By the multiple regression function, it reveals that the predicted annual medical
expenditure for a 55-year-old patient with an annual income of $61,000 is influenced by factors
such as age, annual income, and insurance status. The absence of insurance is associated with
a predicted expenditure of around $5,230.00, while having insurance increases the predicted
expenditure to approximately $6,613.91.
4.(a) Summary of the findings from the descriptive statistics,
correlation analysis, and regression analysis.
1. Descriptive statistics
For Annual Medical Expenditure (Medexp) in hundreds of dollars
Based on the histogram, there are two variables 0- no insurance policy, and 1= if
the individual has insurance policy.
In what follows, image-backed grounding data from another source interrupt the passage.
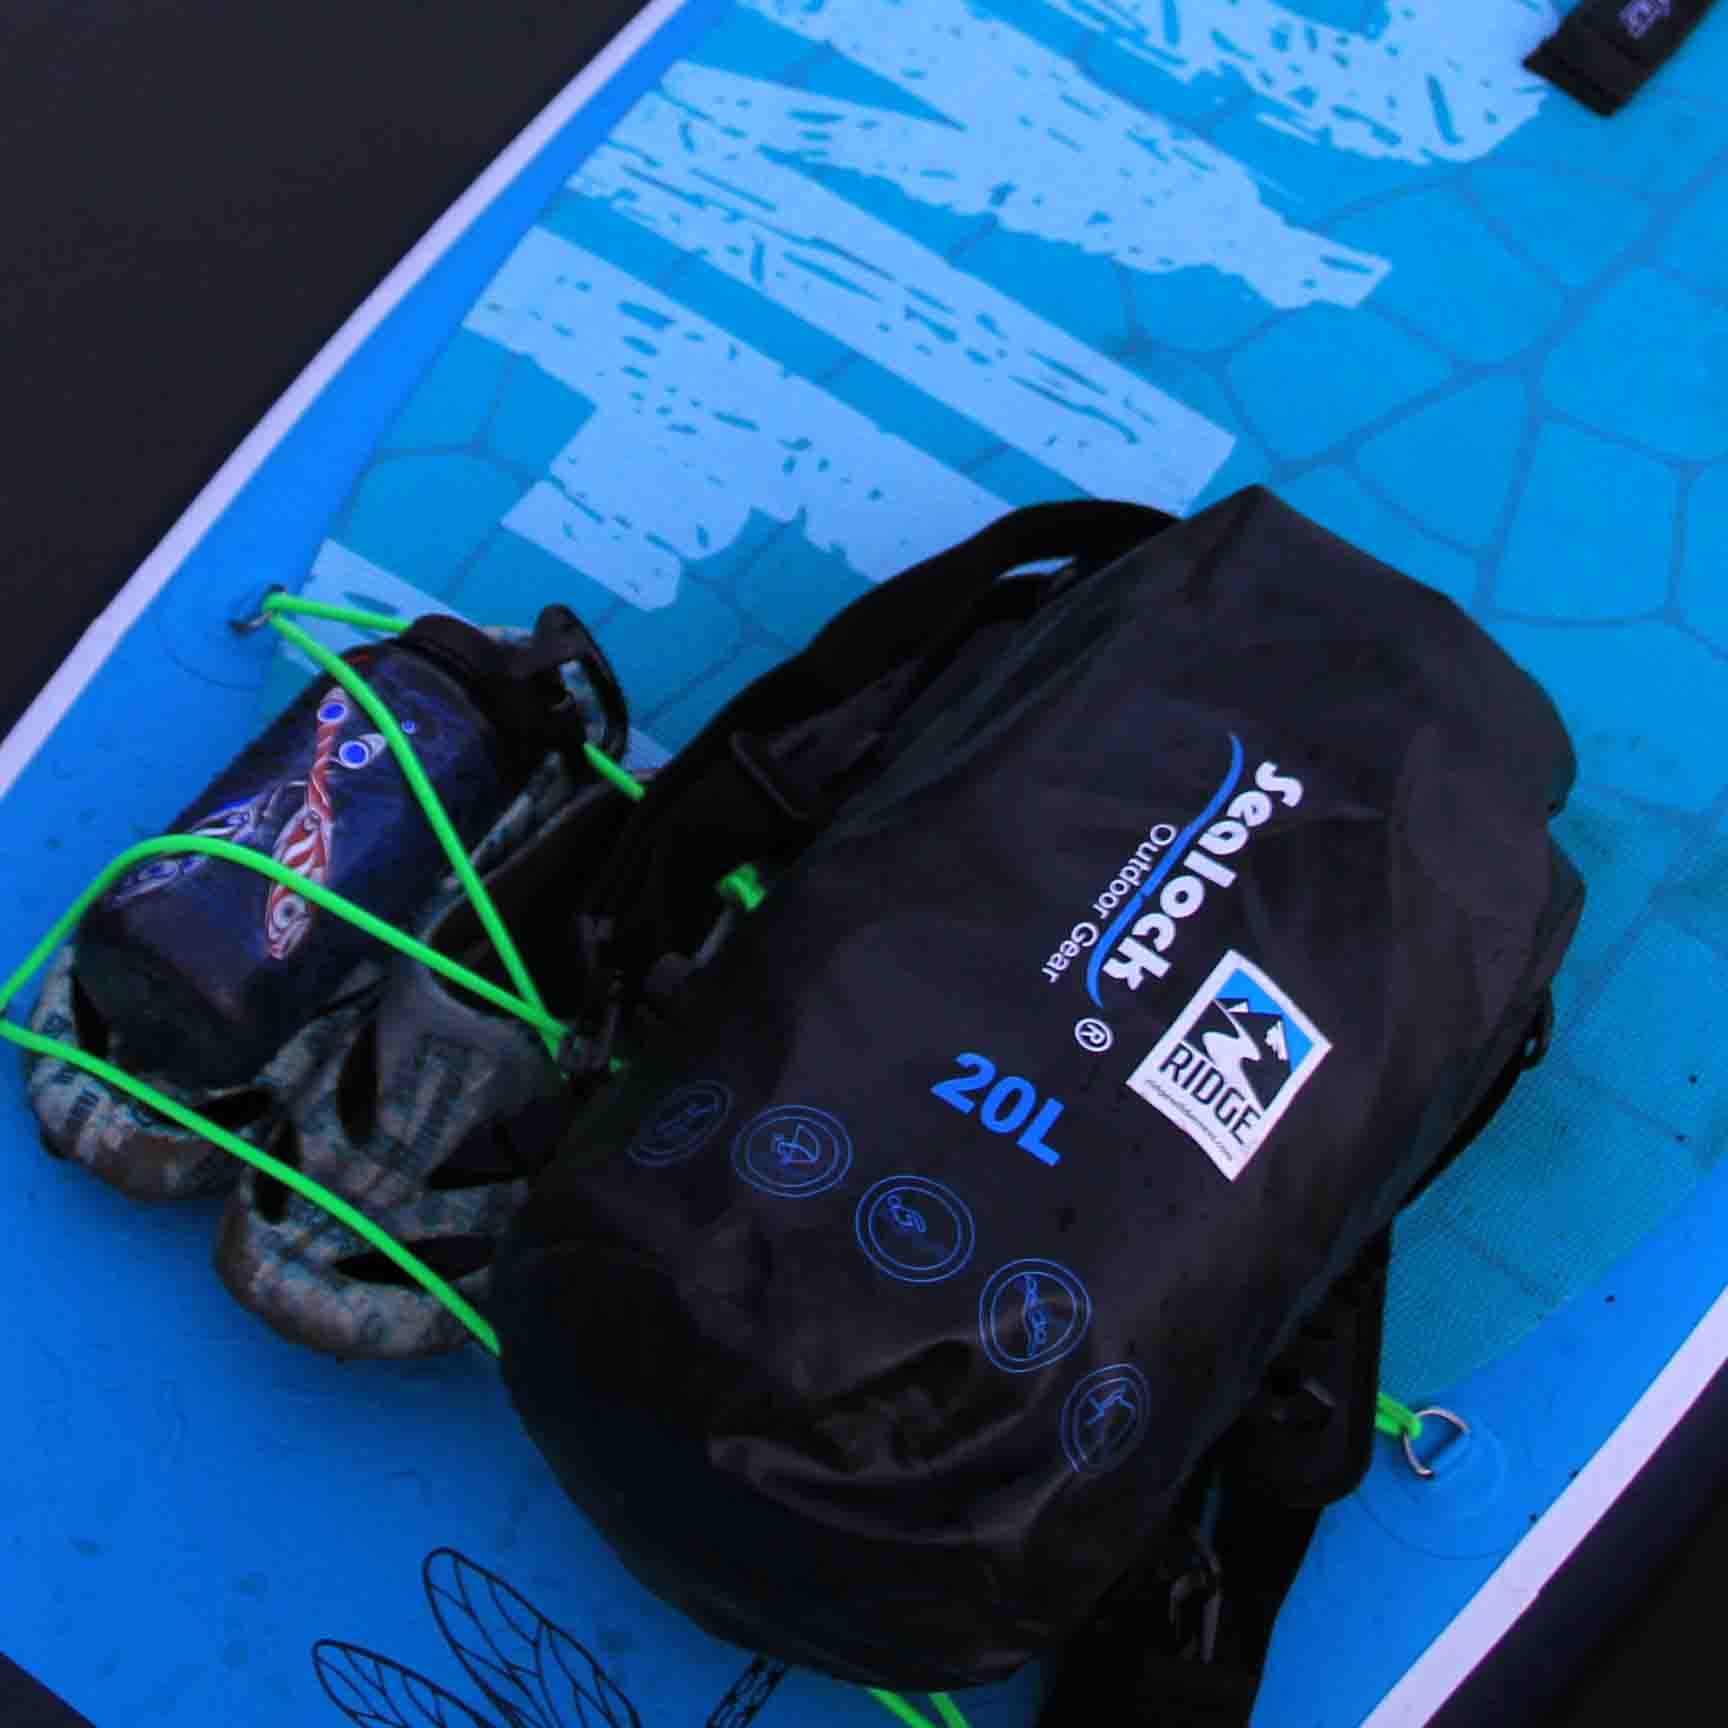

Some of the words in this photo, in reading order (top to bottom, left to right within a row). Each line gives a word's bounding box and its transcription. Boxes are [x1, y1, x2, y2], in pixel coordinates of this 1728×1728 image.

[1090, 822, 1180, 918] Outdoor
[1102, 760, 1304, 991] Sealock
[1040, 919, 1098, 984] Gear
[929, 1052, 1067, 1167] 20L
[1157, 1042, 1262, 1146] RIDGE
Hence, the histogram lines are far from each other.
The kurtosis, 1.008482 (less than 3) indicates that the distribution is flatter, and has a
short, and thick tail which indicates that there are no outliers.
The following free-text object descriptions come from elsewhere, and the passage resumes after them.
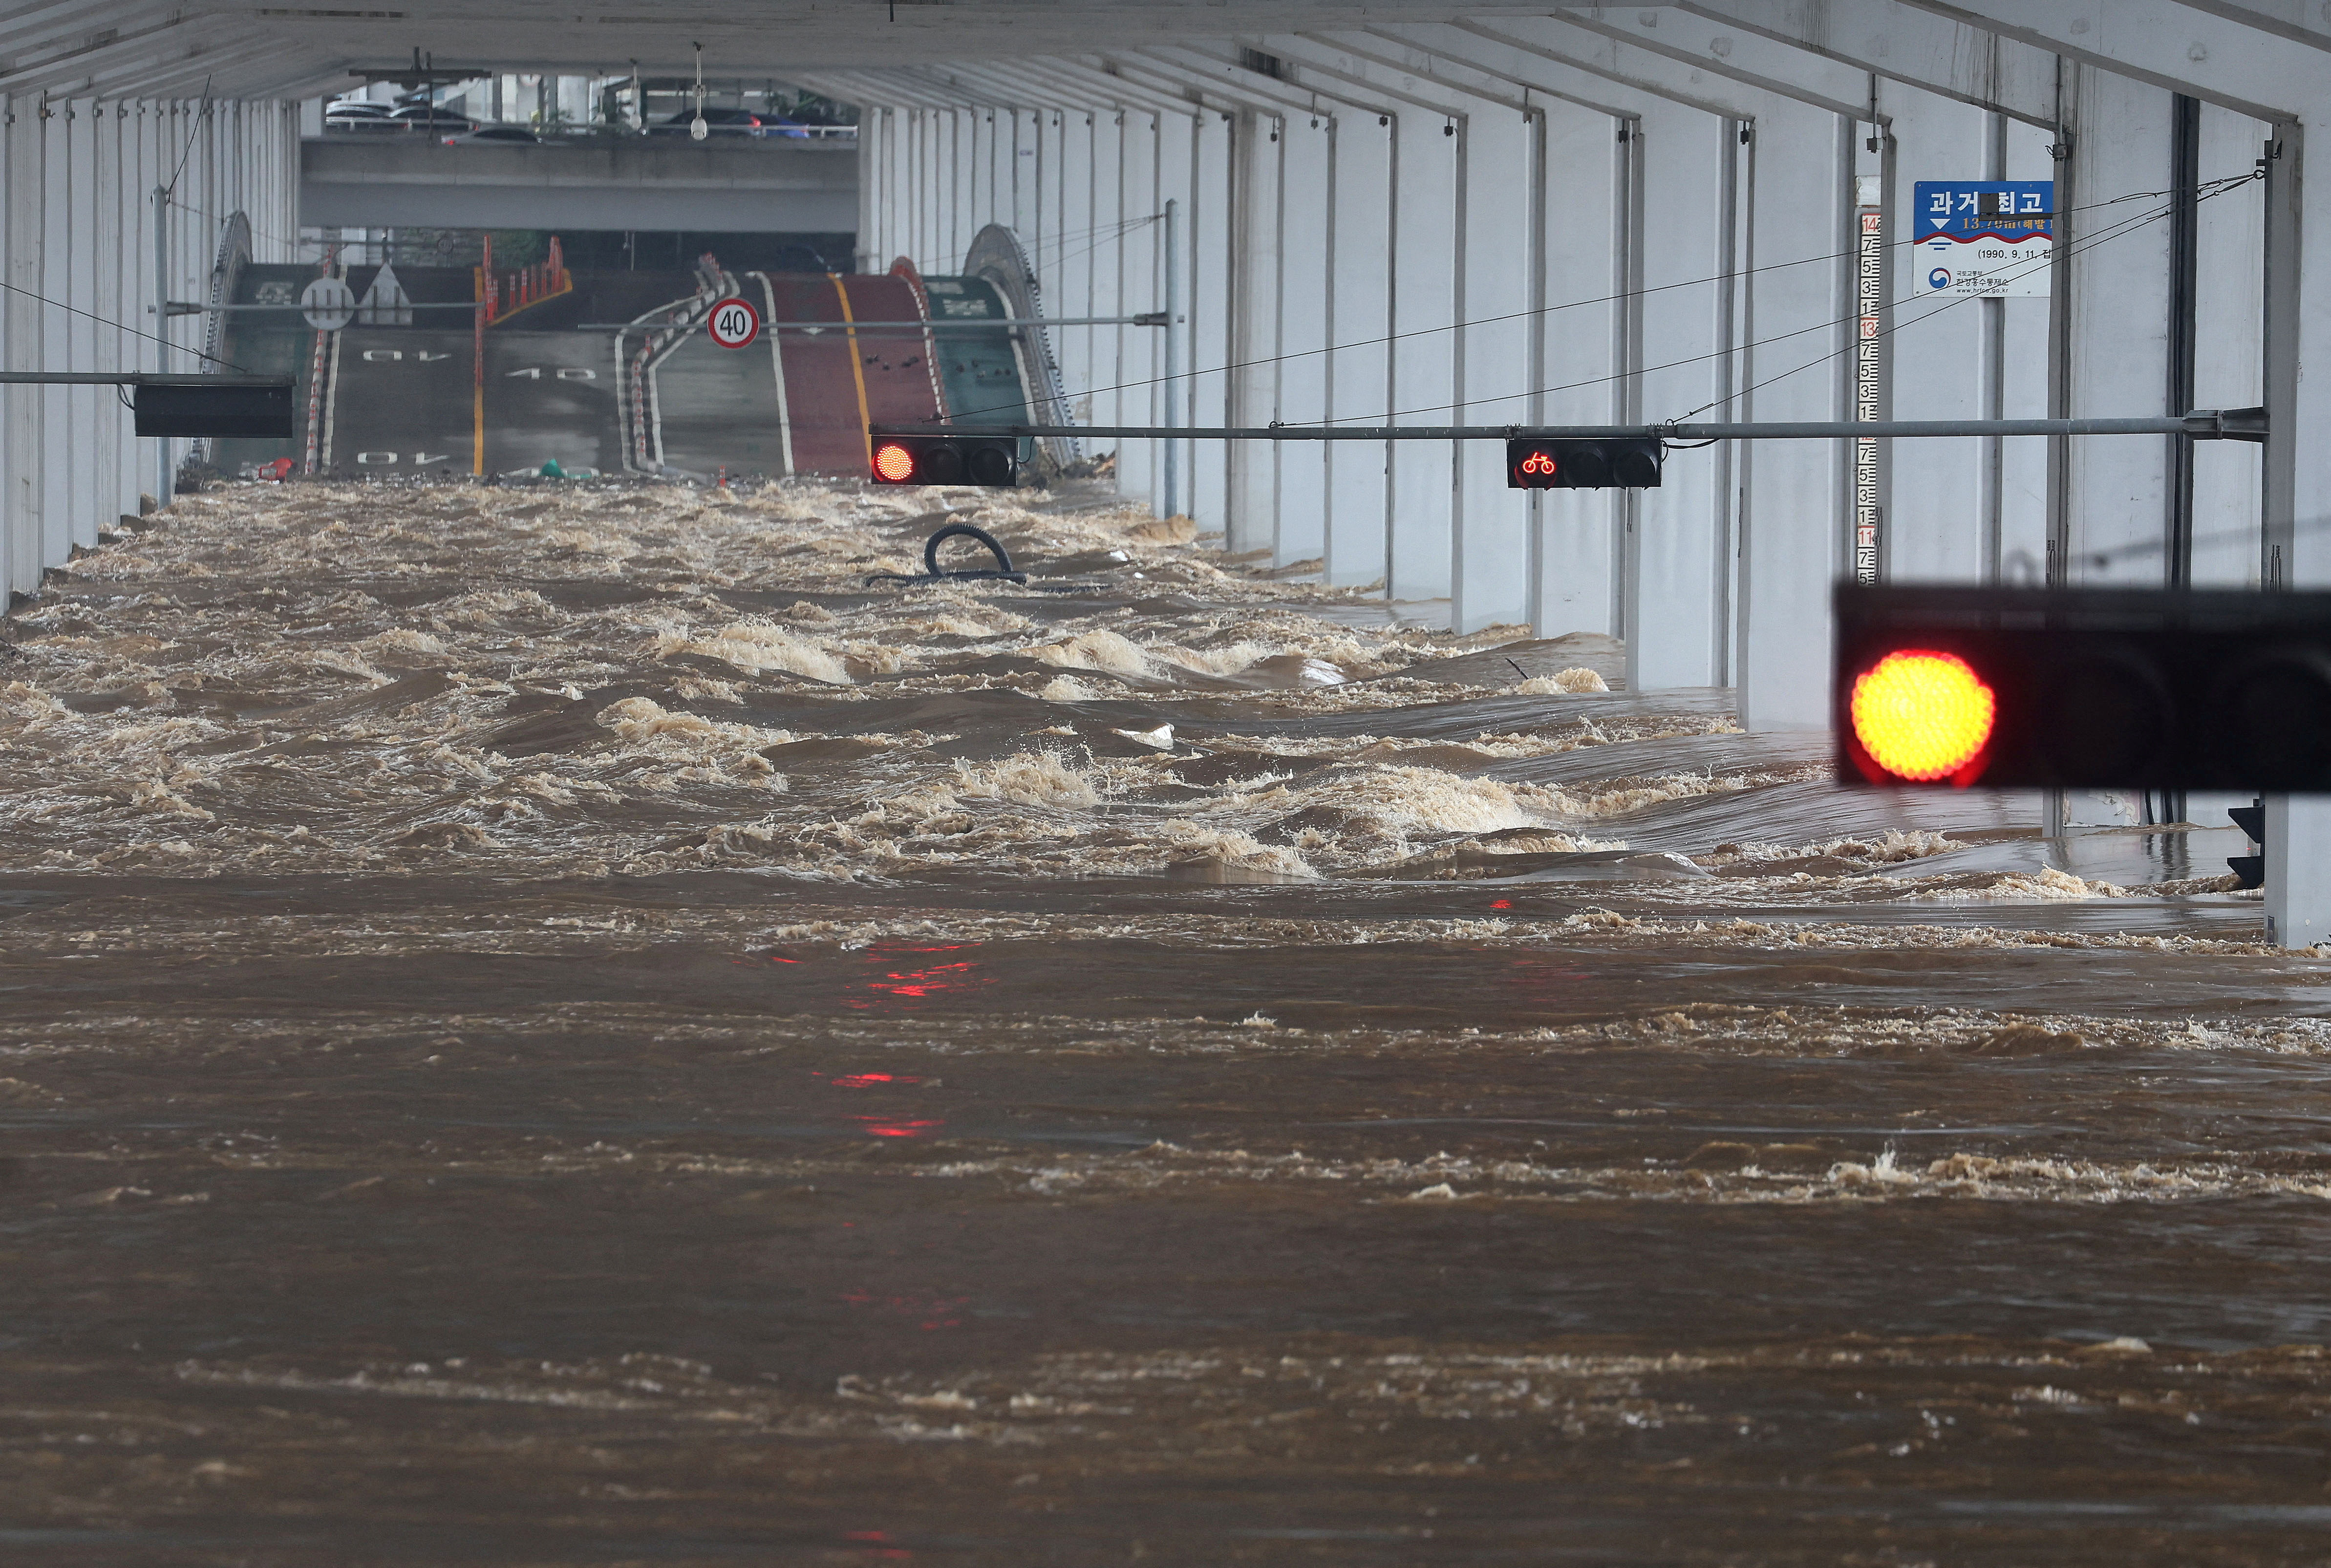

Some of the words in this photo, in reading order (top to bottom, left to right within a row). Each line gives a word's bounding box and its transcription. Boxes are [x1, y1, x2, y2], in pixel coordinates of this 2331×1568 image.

[1929, 191, 1979, 215] 과거
[1998, 191, 2043, 215] 최고
[1862, 217, 1877, 232] 14
[1863, 239, 1872, 252] 7
[1862, 260, 1871, 273] 5
[1862, 281, 1871, 294] 3
[1956, 278, 2010, 287] 한강홍수통제소
[1862, 302, 1868, 313] 1
[720, 310, 746, 337] 40
[1861, 322, 1876, 337] 13
[1861, 344, 1870, 356] 7
[1861, 365, 1869, 377] 5
[1861, 385, 1869, 397] 3
[1861, 406, 1866, 419] 1
[1860, 448, 1868, 460] 7
[1859, 469, 1868, 481] 5
[1859, 490, 1868, 502] 3
[1860, 510, 1865, 522] 1
[1859, 530, 1873, 544] 11
[1859, 552, 1867, 564] 7
[1859, 573, 1867, 584] 5
The standard deviation of annual income (inc) is the highest among the Age and
Insurance Status and Annual Income, indicating substantial variability in income levels
of the individuals within the dataset. With the positive correlation, it suggests that an
increase in income is associated with higher medical expenditure and lower income is
associated with lower medical expenditure. Hence, considering the significant
variability in annual income and its positive correlation with medical expenditure,
targeted interventions to address the healthcare affordability for individuals with
various income levels are recommended. For example, by targeting interventions
towards lower-income populations, the researcher can address the financial barriers
they are facing to access the healthcare services. This recommendation would reduce
the inequity and accessibility in healthcare access and improve health outcomes for
individuals with limited financial assets. Therefore, focusing the research on Annual
Income for these interventions would be a good decision.
For insurance,
According to the case scenario of the patient of age 55 with an annual income ,
the absence of insurance is associated with a predicted expenditure of around
$5,230.00, while having insurance increases the predicted expenditure to approximately
$6,613.91. The difference between patients with policy or without policy is around
$1,400 which will impact on Medical Expenditure (medexp). In the real world, insurance
policies are likely to reduce the medical expenditure to be more affordable. However ,
according to the regression analysis, the coefficient of regression is positively
correlated with annual income and insurance which means that individuals with higher
income who purchase insurance policy might spend more on healthcare service. Hence,
we recommend the research to analyze why the individuals who purchase the insurance
might have more expenditure rather than the individuals who don’t have one in order to
improve the healthcare affordability.
For age,
Based on the substantial variation in the ages of individuals within the dataset, as
evident from the histogram and the standard deviation of age in years, coupled with a
positive correlation coefficient in the regression analysis, it is suggested that as the age
of individuals increases, medical expenditures tend to rise. Consequently, recognizing
the considerable variability in age and its correlation with medical expenditure, targeted
interventions to enhance healthcare affordability, and accessibility especially for
individuals across different age groups, are recommended. This approach aims to
address the diverse healthcare needs associated with varying ages and income levels,
facilitating more effective and equitable healthcare interventions.